Traditional topic modeling methods, such as Latent Dirichlet Allocation (LDA), fail to model the presence and the absence of words in the target document, because they assume multinomial distribution for document likelihood. To overcome this issue, the authors propose the Spherical Admixture Model, which models both the frequency as well as the presence and absence of the words. In addition to this, by assuming von Mises-Fisher distribution, they hope to improve the system accuracy when using high-dimensional spherical modeling methods for sparse text data.

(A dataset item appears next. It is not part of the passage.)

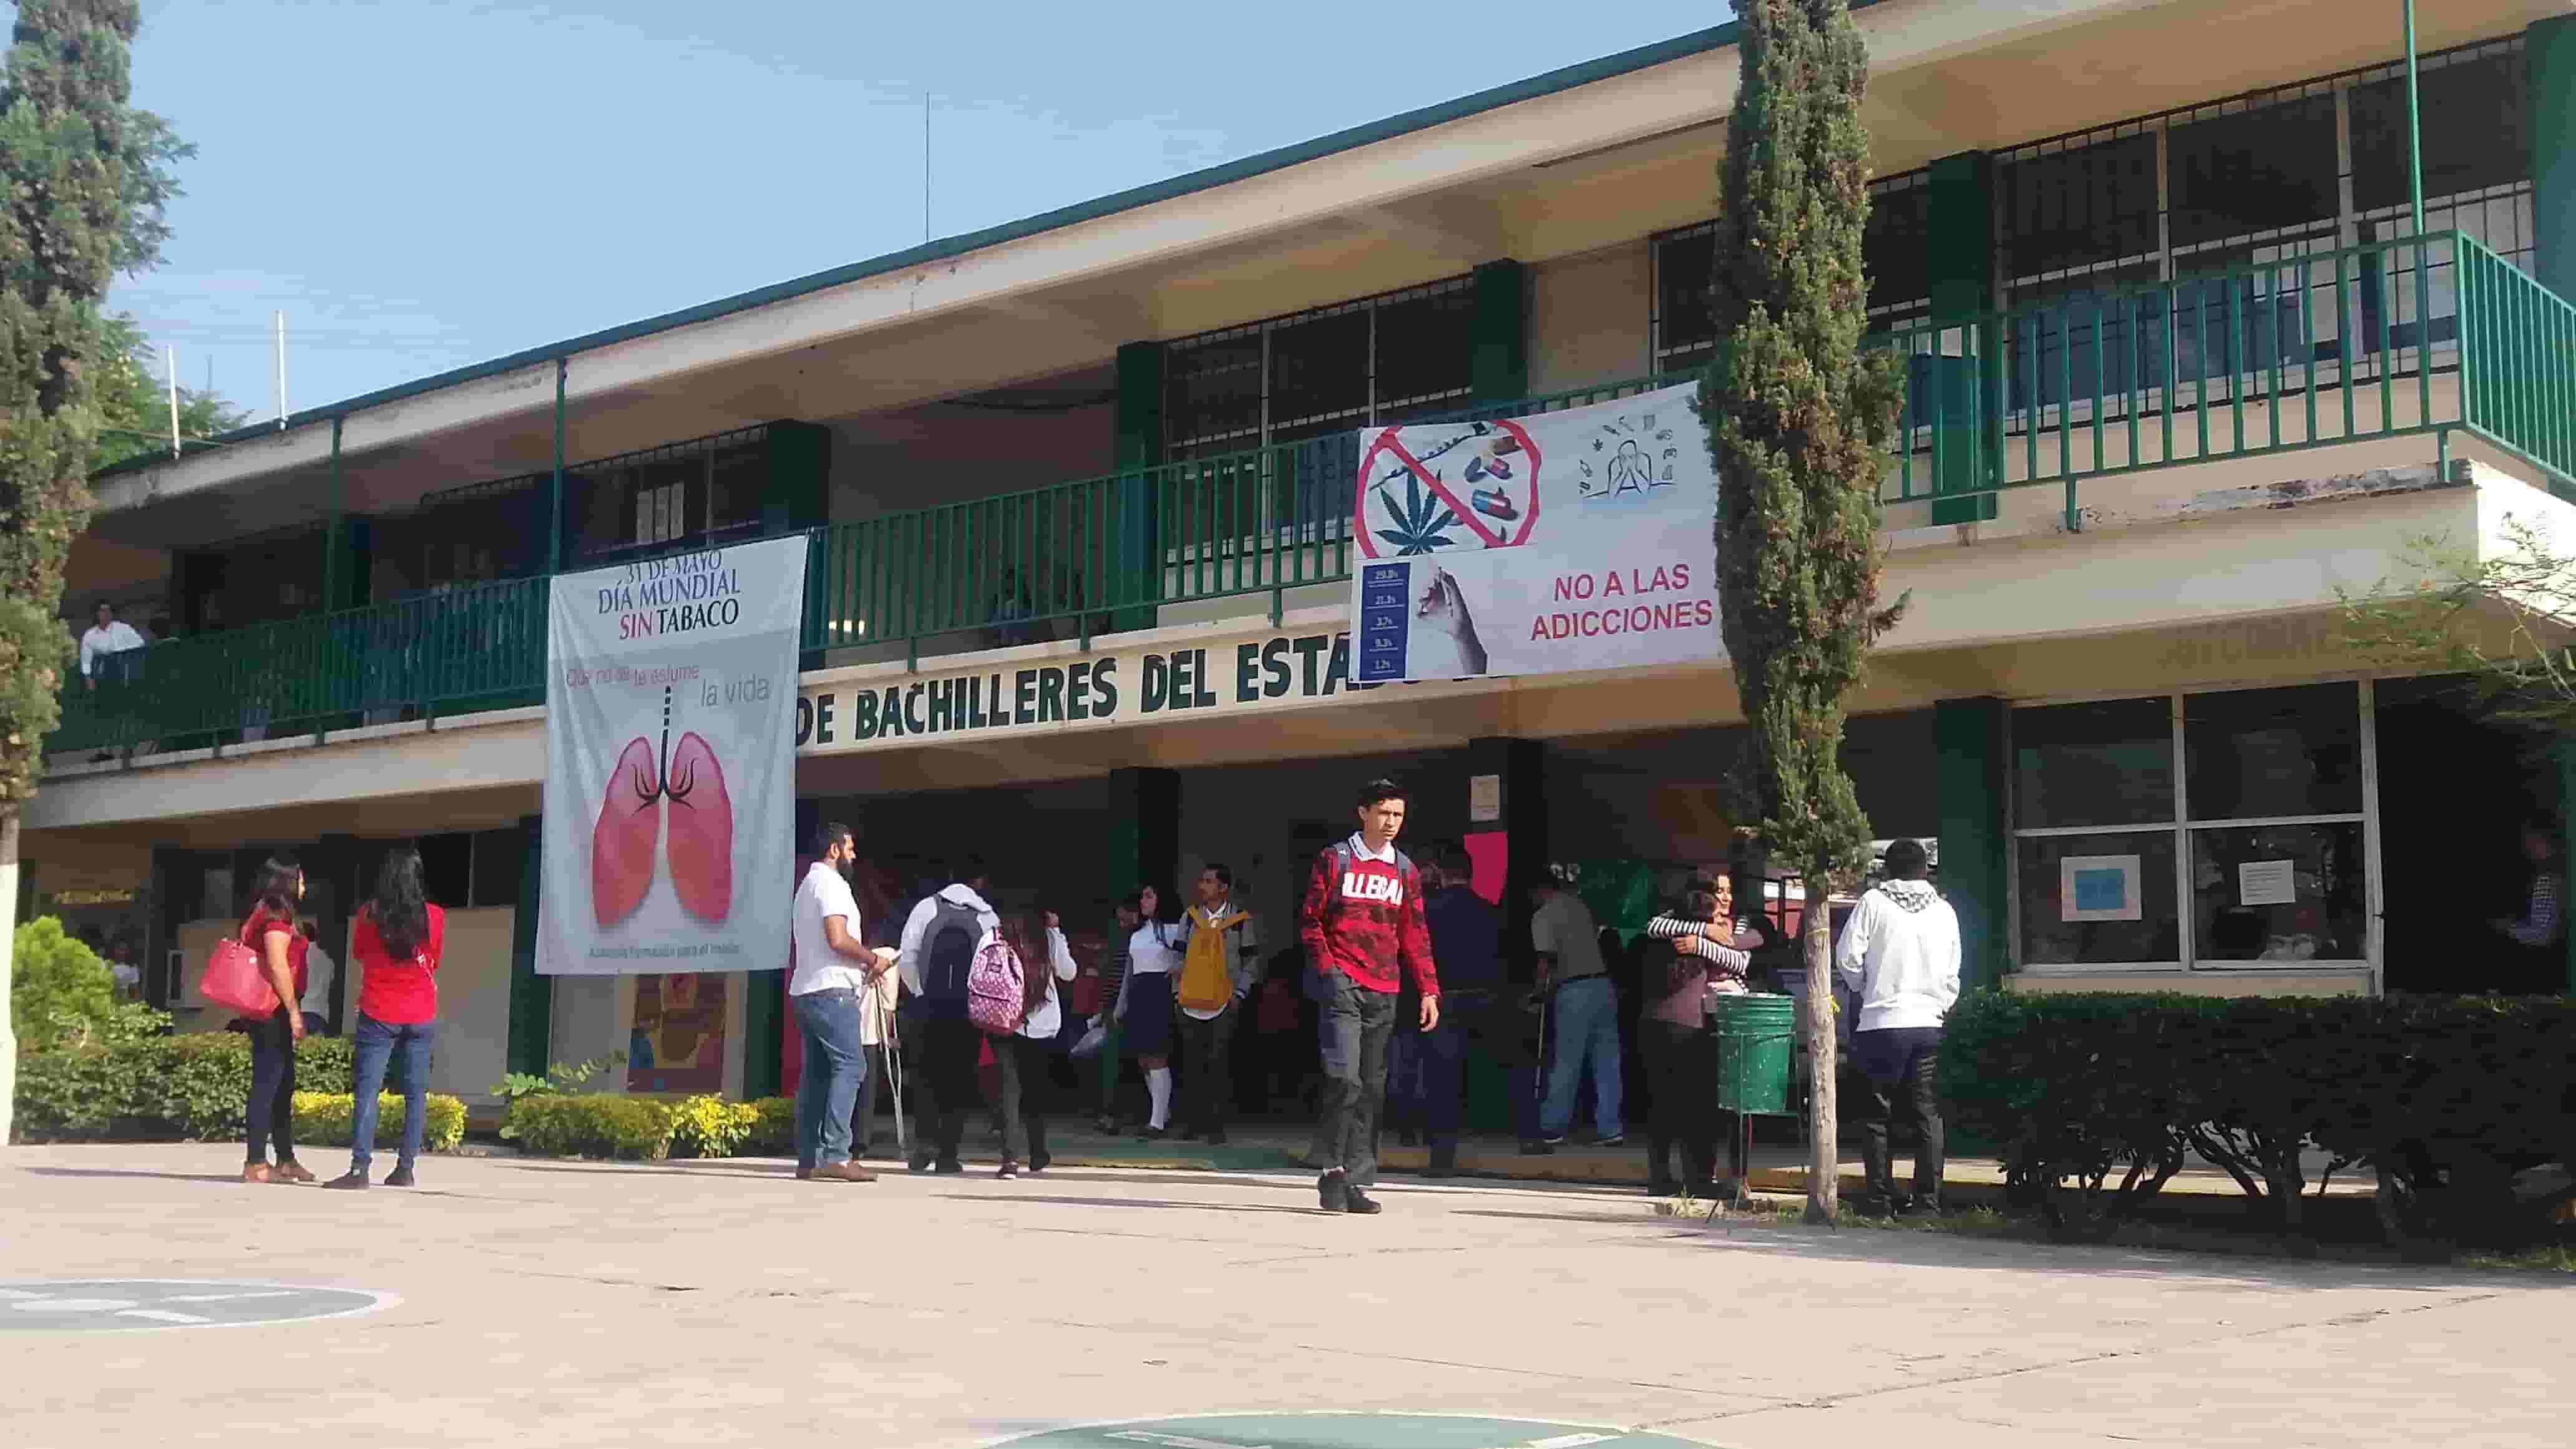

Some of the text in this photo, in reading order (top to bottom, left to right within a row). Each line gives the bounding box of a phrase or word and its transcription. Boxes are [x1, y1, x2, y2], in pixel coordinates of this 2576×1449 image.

Brief Description of the method

This paper first introduces the advantages of von Mises-Fisher distribution for text, then discusses the Spherical Admixture Model and the use of Variational Inference to solve the posterior approximation problem. In this section, we will first summarize the basic characteristics of von Mises-Fisher distribution they assume, then we will introduce the definition of the proposed model, as well as the variational inference method.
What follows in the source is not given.